I love Hengrave Hall. There is nothing so soul-restoring as spending time there. It's a sort of retreat centre run by a Christian community who are dedicated to ecumenism and interfaith. There's the most incredible atmosphere of love and kindness and peace; it seems to make people treat eachother the way that human interaction ought to work in an ideal world. I can't describe it, really, but I've loved the place and the community since I was 10 (and I've been there almost every year since then).
And the ECAPS conference is cool, it's a get-together for people from small Jewish communities in the SE of England but outside London. That includes the synagogue where I grew up, Harlow, and the synagogue I now call 'home', Cambridge Reform, plus there will be lots of other people there I know and love from previous ECAPS conferences. This year's is particularly cool, because it's on Judaism and Science, and has some quite outstanding speakers, and I really, really, really want to be there.
To compound matters, my parents want me to join them, as they're attending. And I've just got an email from one of the organizers, a rabbi who has always been good to me and whom I admire, telling me how much he wants me to be there. I know he really means it, he's not just trying to get more money by filling more places.
But.
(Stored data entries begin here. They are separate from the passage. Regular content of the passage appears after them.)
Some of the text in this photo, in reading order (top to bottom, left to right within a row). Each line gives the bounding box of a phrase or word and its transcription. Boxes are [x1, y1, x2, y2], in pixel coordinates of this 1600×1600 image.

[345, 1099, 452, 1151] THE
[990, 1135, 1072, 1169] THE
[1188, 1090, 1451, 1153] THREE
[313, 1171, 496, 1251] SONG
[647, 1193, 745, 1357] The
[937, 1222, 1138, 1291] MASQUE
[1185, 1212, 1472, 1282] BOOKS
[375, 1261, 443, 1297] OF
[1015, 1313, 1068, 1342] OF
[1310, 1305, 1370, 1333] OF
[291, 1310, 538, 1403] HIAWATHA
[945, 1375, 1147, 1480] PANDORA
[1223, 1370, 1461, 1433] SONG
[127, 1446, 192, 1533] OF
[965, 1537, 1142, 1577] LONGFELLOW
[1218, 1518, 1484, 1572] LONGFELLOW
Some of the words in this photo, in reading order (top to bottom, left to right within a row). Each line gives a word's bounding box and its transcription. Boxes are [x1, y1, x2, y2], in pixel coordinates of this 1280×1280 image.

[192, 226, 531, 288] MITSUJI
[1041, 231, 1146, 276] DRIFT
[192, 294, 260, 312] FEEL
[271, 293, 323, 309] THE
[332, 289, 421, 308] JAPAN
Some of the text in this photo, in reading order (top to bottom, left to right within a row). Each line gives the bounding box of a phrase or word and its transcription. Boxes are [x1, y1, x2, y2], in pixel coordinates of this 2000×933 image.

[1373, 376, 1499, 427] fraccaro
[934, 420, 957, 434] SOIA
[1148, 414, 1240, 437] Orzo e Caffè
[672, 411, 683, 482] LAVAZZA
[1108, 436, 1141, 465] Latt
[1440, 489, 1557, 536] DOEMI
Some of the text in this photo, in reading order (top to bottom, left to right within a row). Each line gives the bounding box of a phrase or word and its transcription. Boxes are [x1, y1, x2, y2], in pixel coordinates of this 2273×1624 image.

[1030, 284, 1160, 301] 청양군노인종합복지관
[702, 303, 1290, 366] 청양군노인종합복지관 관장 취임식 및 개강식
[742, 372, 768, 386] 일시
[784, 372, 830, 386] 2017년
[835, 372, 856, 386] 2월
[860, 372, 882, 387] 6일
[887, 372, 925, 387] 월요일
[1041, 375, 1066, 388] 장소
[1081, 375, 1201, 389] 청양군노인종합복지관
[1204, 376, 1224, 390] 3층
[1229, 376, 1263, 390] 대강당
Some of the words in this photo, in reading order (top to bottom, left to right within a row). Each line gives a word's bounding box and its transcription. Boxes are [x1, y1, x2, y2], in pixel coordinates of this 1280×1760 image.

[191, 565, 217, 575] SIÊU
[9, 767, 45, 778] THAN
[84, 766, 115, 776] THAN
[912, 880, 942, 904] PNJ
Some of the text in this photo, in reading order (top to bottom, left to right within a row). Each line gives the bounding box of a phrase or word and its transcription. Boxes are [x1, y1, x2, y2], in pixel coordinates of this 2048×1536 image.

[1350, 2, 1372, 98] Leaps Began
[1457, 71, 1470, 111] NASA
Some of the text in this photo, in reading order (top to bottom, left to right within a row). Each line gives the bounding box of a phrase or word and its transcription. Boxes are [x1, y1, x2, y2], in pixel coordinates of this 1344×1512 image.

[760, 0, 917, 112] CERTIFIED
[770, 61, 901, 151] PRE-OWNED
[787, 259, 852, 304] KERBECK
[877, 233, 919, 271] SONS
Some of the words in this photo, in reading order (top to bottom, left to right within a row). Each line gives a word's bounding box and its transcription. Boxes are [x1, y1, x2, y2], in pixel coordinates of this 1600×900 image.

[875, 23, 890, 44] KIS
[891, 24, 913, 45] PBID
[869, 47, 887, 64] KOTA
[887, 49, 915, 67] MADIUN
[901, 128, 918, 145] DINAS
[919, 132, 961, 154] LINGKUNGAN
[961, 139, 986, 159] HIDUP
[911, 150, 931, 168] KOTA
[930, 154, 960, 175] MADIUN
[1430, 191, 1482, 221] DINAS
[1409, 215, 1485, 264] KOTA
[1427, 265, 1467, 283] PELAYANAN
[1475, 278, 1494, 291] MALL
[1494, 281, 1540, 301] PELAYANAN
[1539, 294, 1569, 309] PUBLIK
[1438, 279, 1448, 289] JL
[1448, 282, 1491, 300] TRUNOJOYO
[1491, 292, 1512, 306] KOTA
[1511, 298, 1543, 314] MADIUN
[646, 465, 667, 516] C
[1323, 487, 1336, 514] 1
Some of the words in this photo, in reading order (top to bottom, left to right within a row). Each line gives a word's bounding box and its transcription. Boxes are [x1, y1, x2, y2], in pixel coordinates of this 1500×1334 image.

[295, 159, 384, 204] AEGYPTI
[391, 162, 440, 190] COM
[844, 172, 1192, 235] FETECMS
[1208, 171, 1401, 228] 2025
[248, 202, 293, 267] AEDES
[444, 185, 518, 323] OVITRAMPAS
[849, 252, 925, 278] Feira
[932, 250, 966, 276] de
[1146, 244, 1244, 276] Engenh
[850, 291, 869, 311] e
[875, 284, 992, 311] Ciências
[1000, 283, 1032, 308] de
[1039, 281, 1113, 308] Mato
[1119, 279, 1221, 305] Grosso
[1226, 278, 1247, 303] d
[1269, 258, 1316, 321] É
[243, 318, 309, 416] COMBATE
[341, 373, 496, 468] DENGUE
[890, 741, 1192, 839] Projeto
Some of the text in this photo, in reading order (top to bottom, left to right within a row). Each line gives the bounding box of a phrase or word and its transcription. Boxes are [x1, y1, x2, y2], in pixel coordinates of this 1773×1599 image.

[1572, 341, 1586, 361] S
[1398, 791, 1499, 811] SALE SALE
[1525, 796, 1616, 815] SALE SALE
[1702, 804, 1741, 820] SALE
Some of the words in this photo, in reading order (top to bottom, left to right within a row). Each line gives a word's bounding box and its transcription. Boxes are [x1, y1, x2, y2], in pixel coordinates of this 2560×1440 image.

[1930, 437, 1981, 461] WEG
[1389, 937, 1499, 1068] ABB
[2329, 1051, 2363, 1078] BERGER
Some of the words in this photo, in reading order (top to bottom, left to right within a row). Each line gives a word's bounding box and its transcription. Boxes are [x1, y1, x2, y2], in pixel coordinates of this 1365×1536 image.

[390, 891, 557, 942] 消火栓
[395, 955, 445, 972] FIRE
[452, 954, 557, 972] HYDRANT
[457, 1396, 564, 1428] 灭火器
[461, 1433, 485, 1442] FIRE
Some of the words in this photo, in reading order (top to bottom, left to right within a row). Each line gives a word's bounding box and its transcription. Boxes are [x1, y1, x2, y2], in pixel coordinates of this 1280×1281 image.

The registration fee is £105 and I can't find any transport cheaper than £70. It's not like that money will make the difference between having enough to eat and starving, but it does feel extravagant when I only have one more month's salary still coming to me and I really don't know how long I'm going to have to live on my savings after that. I'd probably spend the money if that were the only down side. It's not prudent, but it's worth it to me to be able to go to Hengrave. The real problem is that the Hengrave is (obviously!) in SE England, the middle of rural East Anglia to be precise. And it means about 18 hours' travelling in a three-day period.
Again it would be worth it except that the weekend of the conference is the weekend after doseybat's birthday party. Doing both would mean travelling back and forth between here and Cambridge twice in four days, which is a bit daunting. And if I do go to Hengrave, there's absolutely no way I'm going to be able to go home for Christmas, because I'd have to travel back to England again within a few days of coming back from Hengrave. Going home for Christmas would please my parents and probably give me an all too rare opportunity to see the sibs. And would allow me to join in the celebrations of my grandmother's 85th birthday. And it's one more opportunity to spend time with lethargic_man; if I don't go home then, the only time I will see him while we're still together is at Bat's party.
I'm also having a hard time deciding, because of the usual PhD stress. I should be far enough through my thesis that I can afford to take a week or so off by Christmas. But I might not be. And it would be incredibly annoying to find myself trapped in Dundee over Christmas with nothing or nothing urgent to do. But I'm not certain enough that I'll be at that stage to go ahead and just book to go home in time for Hengrave and stay over until the new year, which is what I really want to do. (Actually, the ideal would be to stay for a week or so, until my Grandmother's birthday and mine, and then come straight back. But the trouble is that the time between the end of Hengrave and my birthday is somewhat over a week, and anyway I can't easily travel across country between Christmas and New Year.) Besides, thinking along these lines is just stressful because it gets me into a whole 'am I ever going to get through this' hamster wheel, and it's not good.
Does anyone have any advice? Words of comfort about this horrible limbo of not knowing how long it's going to take me to finish my PhD?